Meet Charlie A Mum Who Stood By Her Physical Differences And Had Three Beautiful Miracles
A mum of three, Tilba, Tully and Rip, Charlie is a courageous woman who, despite her and her husband’s physical differences, backed her dreams and followed through with extensive genetic testing in order to bring three children into the world who are healthy and thriving.
Q. Can you share a little about your journey into motherhood?
To give a bit of background, my husband Cullen and I both have different forms of Dwarfism. So for us, falling pregnant was the easy part, but the journey throughout was what felt different to others.
With dwarfism our children all had a: 25 per cent chance of inheriting my form of dwarfism, 25 per cent chance of inheriting my husband’s form, 25 per cent chance of being average height and a 25 per cent chance (1 in 4) shot of inheriting both our forms, which sadly is not always a positive outcome.

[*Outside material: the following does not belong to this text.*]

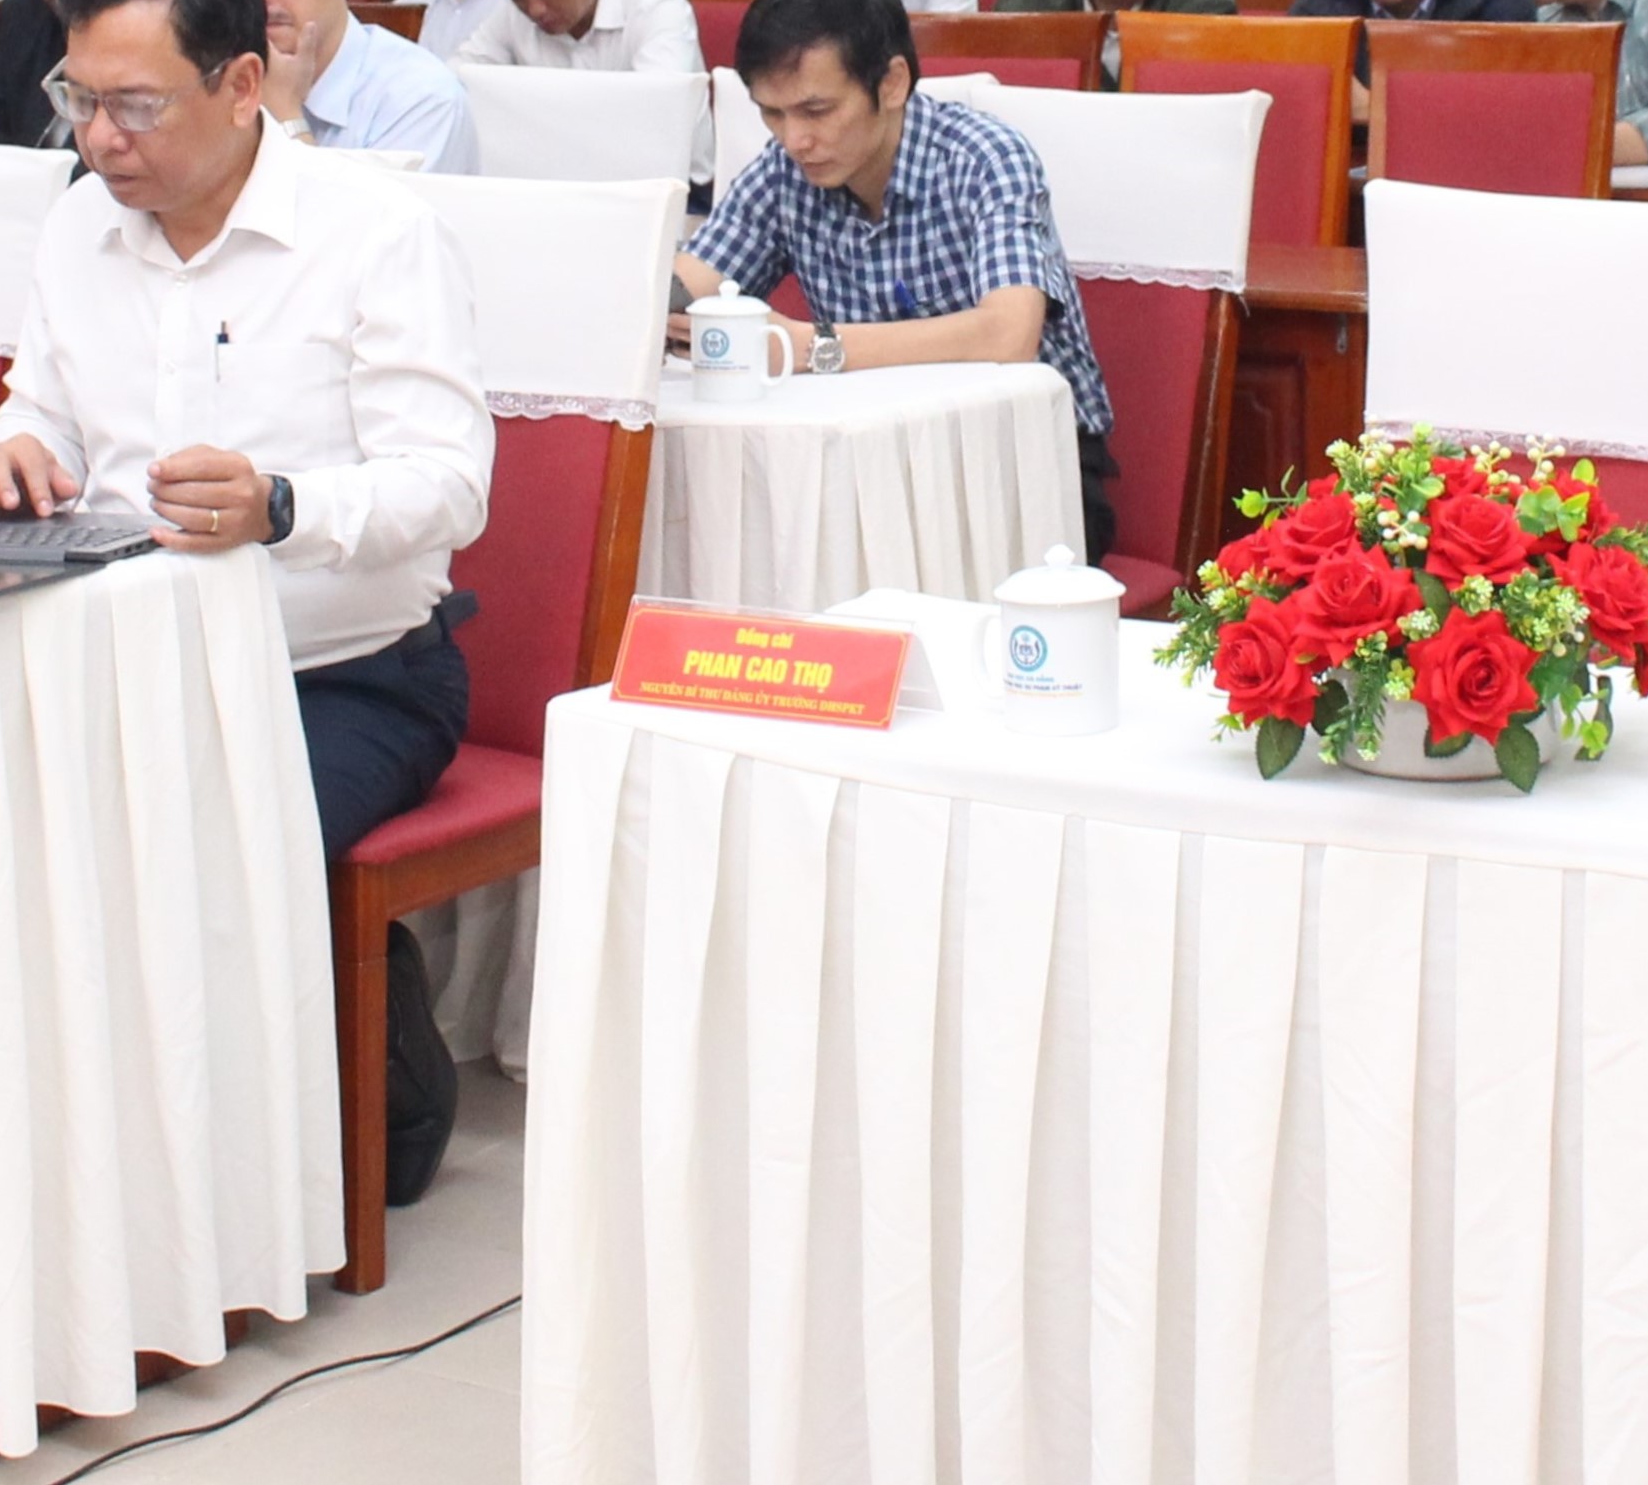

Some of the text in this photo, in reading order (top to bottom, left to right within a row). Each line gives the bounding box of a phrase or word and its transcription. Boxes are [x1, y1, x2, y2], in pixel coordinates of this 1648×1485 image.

[736, 627, 794, 649] Đồng chí
[683, 650, 834, 693] PHAN CAO THỌ

So for most who find out they are pregnant it’s about excitedly sharing the news with family, friends and announcing to the world. But for us, despite our excitement, each time we had an anxious period where we had to wait 2-3 weeks to find out what was going to happen, undergoing a series of genetic tests.
Each pregnancy they would take different samples to determine the baby's genetic outcome, and unfortunately, these tests don’t occur until 12 weeks, which meant we had to wait until 15 weeks each time to know what was going on.
During this window there would be an anxious wait to find out if the baby inherited both forms of dwarfism. At present, there is no research and data is limited so we weren’t sure what it could look like or what their journey may be. They speculate that babies who have two types of dwarfism may not live long past birth. Should that be the situation, we would have been faced with such a difficult choice. It’s overwhelming and each time that thought would follow us in the weeks leading up to our results, it was a really anxious and nervous time just wondering if we would get to be a parent and have a healthy pregnancy.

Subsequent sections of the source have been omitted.